Utilizo el método gamlss de library(gamlss) en mis modelos completos con términos de interacción e intento reducirlos con stepGAIC. Hay 3 cosas que quiero preguntar.
- ¿Tengo que especificar un enlace para el modelo?
- stepGAIC da varias vecesel siguiente mensaje "Model with term cov1:cov2 has failed" y no continúa con la reducción de mi modelo completo. ¿Qué significa este mensaje de error? ¿Tiene sentido continuar el cálculo
- En muchos posts he leído que el método forward/backward del método stepAIC no es bueno-.
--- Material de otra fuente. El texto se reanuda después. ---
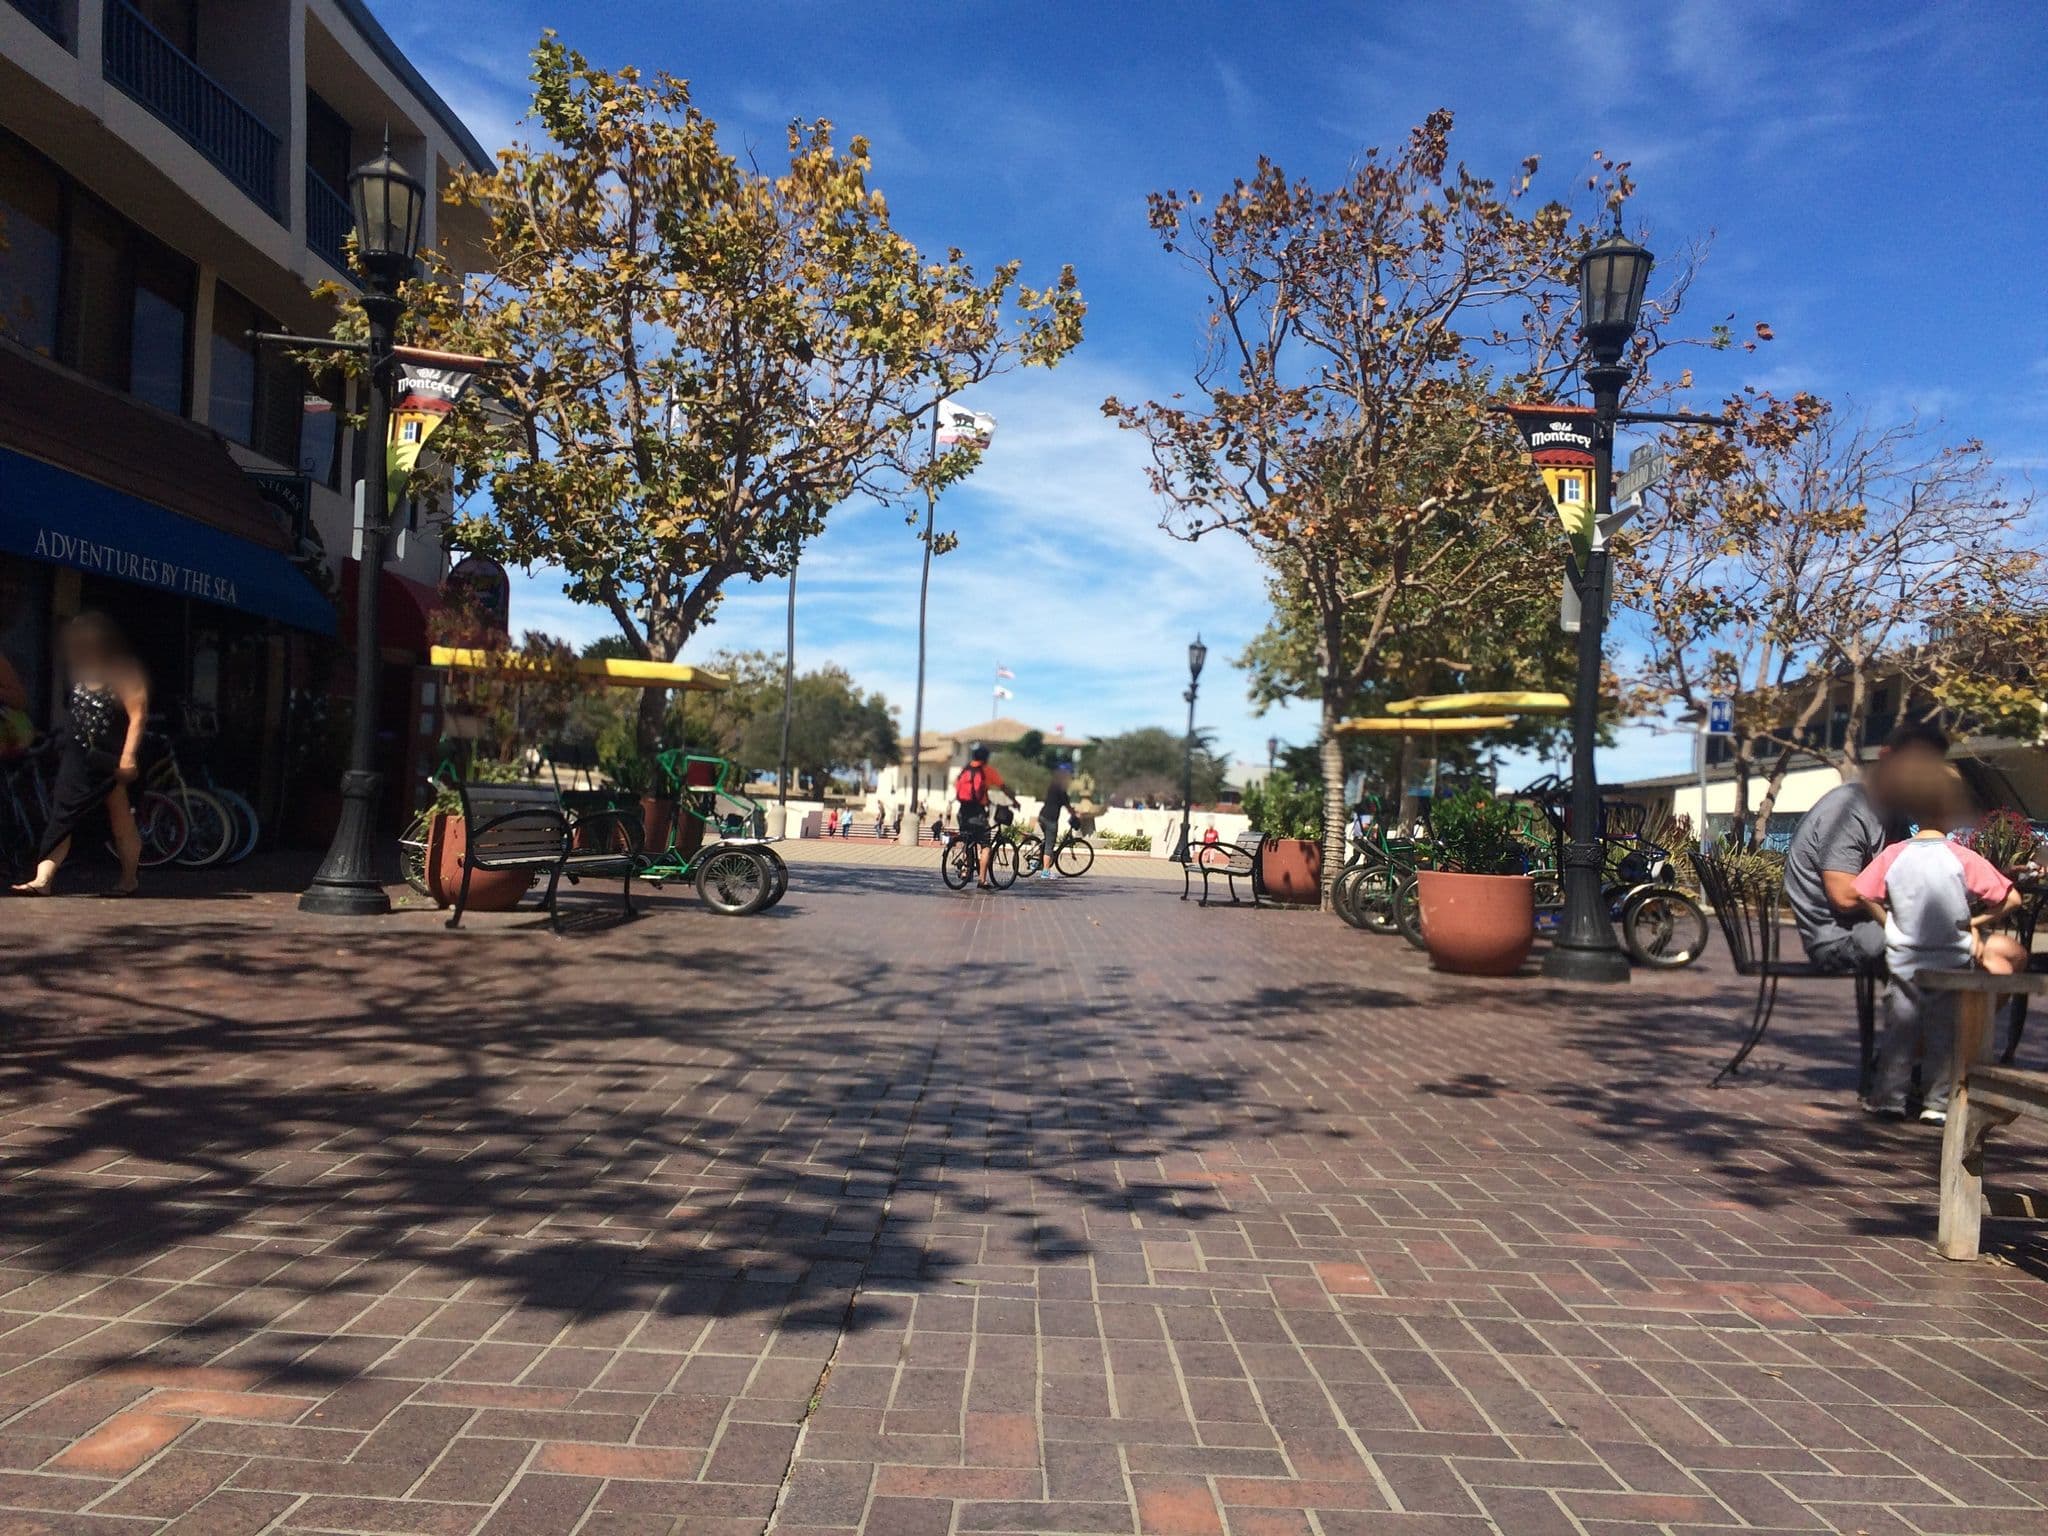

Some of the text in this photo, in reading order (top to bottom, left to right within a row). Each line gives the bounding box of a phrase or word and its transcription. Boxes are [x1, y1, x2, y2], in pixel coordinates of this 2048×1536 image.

¿hay alguna "buena" alternativa para hacerlo?
Gracias por la respuesta. Soy muy nuevo en la teoría GAMLSS. En realidad quería ajustar una LM en mis variables continuas, pero creo que hay heteroscedasticidad presente, así que cambié a GAMLSS para probar otras distribuciones distintas de la distribución normal. No estoy muy seguro de si se necesita una función de enlace. ¿Gamlss hace esto automáticamente si especifico una distribución de su selección?
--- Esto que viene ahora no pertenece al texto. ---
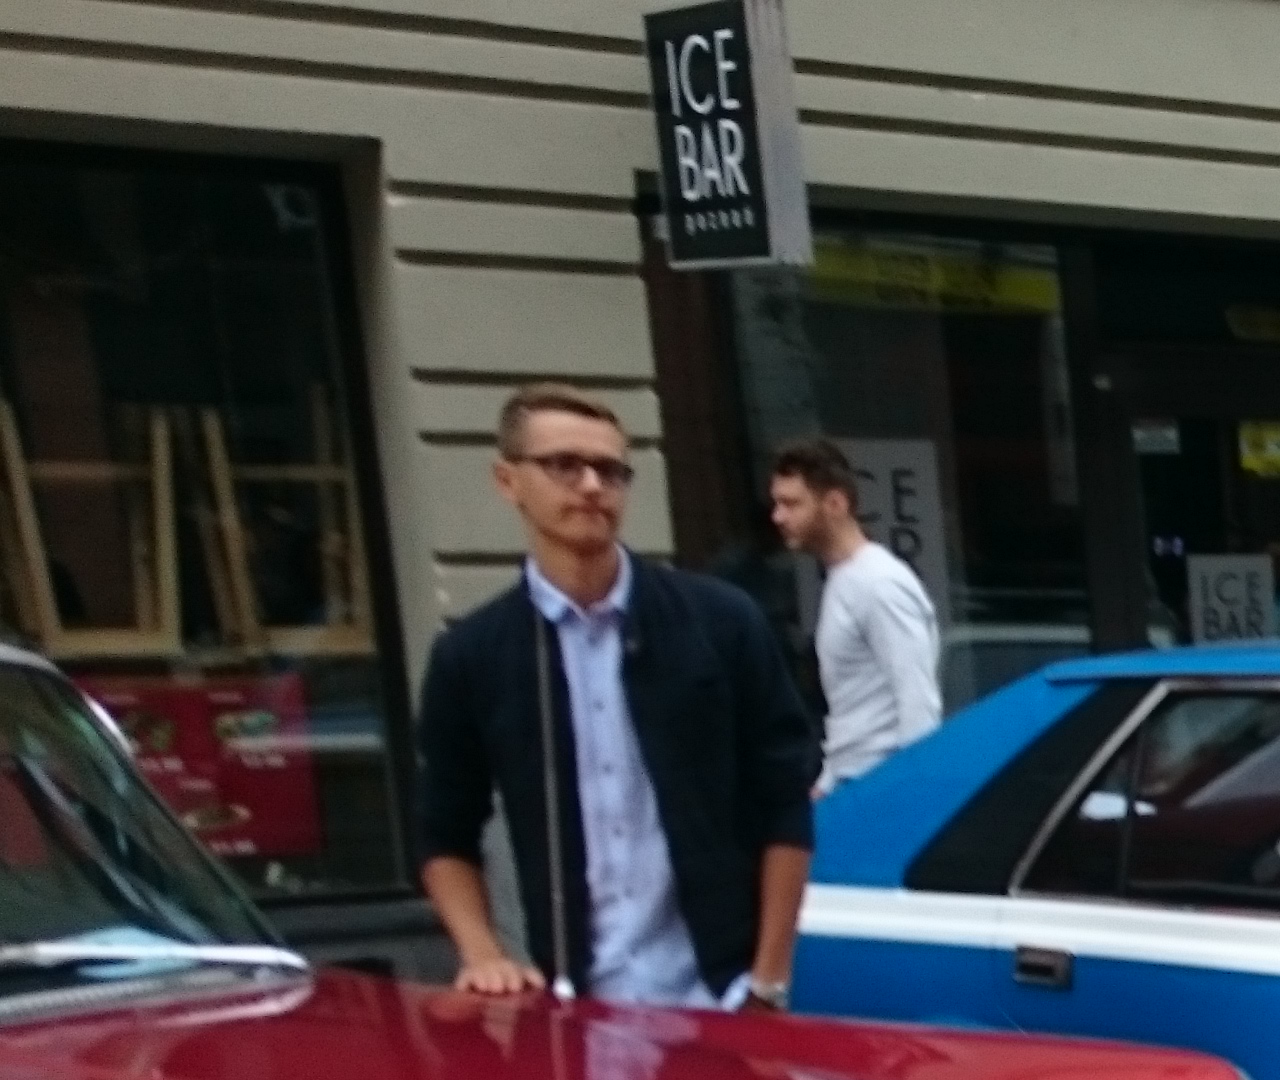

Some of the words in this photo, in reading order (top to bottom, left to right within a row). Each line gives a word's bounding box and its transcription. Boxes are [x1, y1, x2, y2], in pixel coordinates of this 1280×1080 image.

[665, 28, 742, 118] ICE
[674, 117, 750, 201] BAR
[1200, 571, 1262, 607] ICE
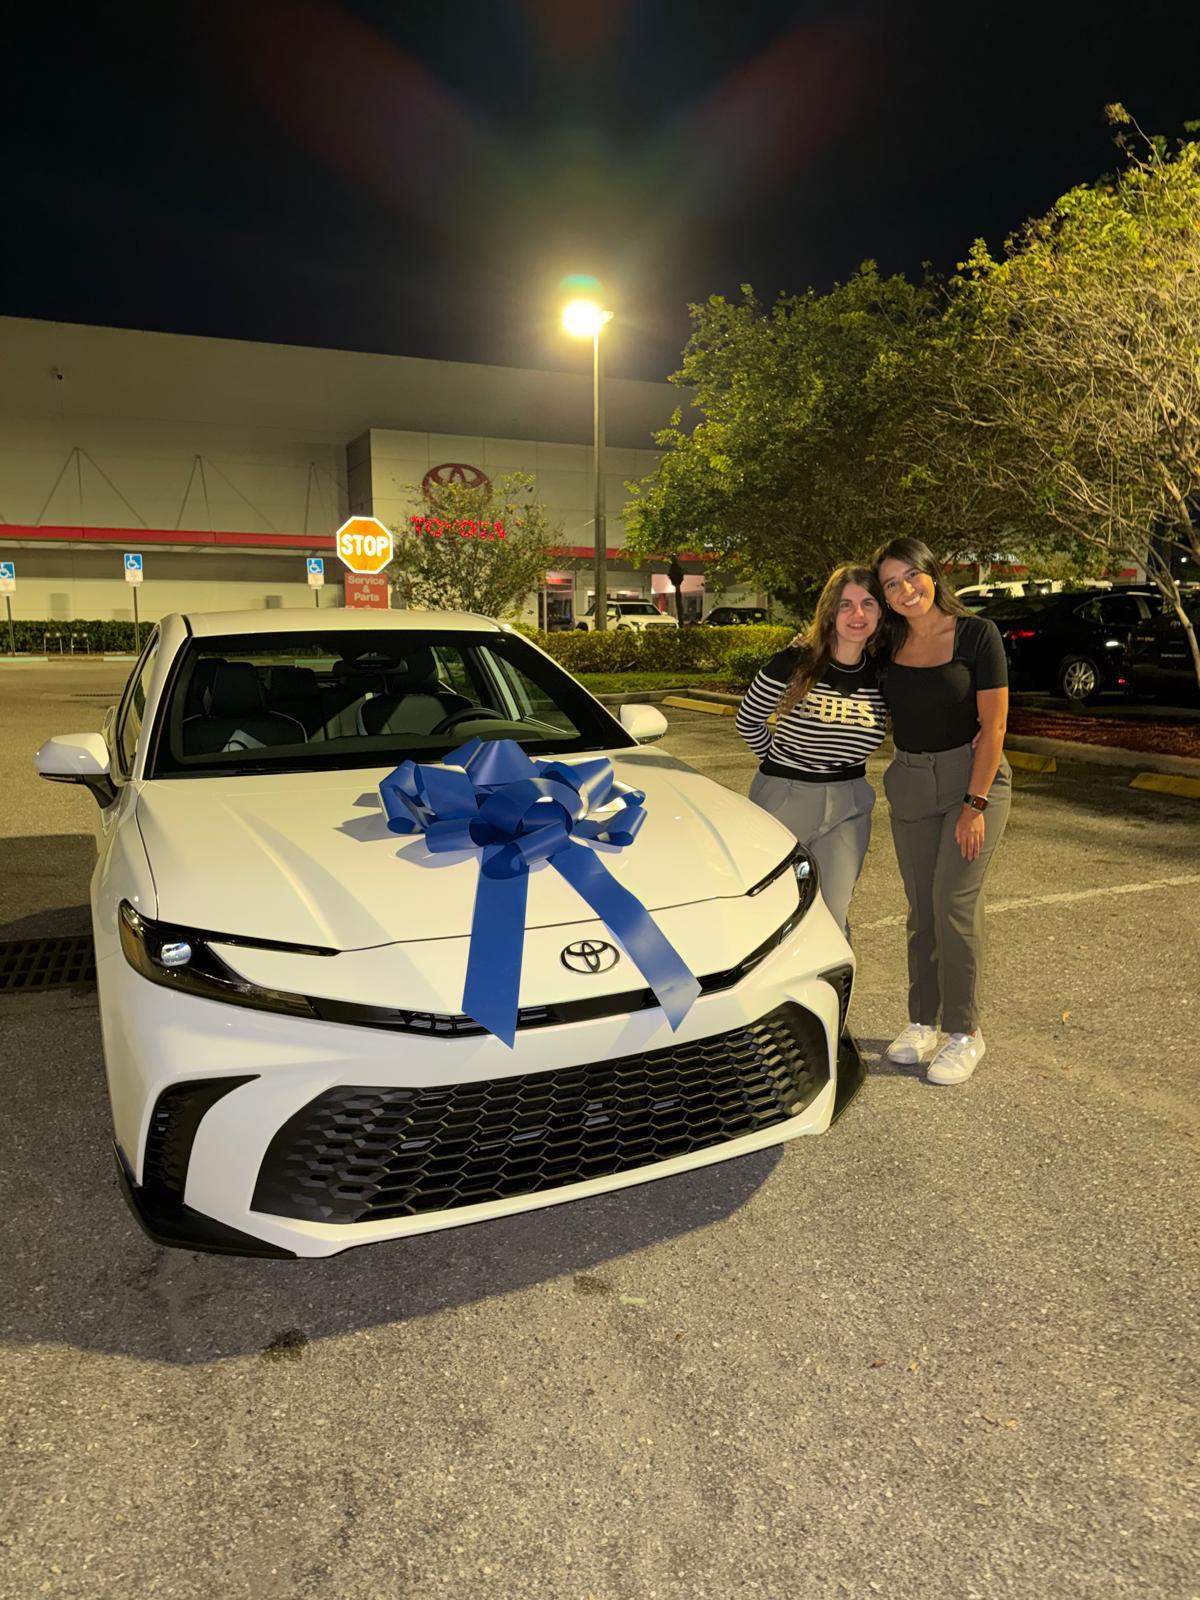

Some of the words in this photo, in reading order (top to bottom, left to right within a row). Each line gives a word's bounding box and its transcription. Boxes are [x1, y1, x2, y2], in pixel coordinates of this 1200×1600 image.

La razón por la que utilizo la reducción por pasos es que tengo que analizar otras 20 variables y no dispongo de mucho tiempo. Lo extraño es que si hago una selección hacia adelante desde el modelo Nulo con la función paso a paso para el modelo LM (con la función lm) obtengo un modelo con mainefectos y varias interacciones. Todo va bien. ¡Si hago el mismo procedimiento con el gamlss y especifico la distribución como NO (distribución Normal) mi mejor modelo es el modelo Nulo! Tal vez hice algo mal cuando especifiqué la selección hacia atrás:
dist<-c("NO","GU","EXP")
j=1
formula<-var~1
object<-gamlss(formula,k=k,family=dist[j],data=measurements)
red.model <- stepGAIC(object=object, scope~(cov1+cov2+cov3+cov4+cov5+
cov6+cov7+cov8+cov9+cov10)^2,
direction="backward",k=k,trace=TRUE)
¿Es normal que stepGAIC sea extremadamente lento en el cálculo de los coeficientes? Tardé 24 horas en calcular 4 pasos en stepGAIC.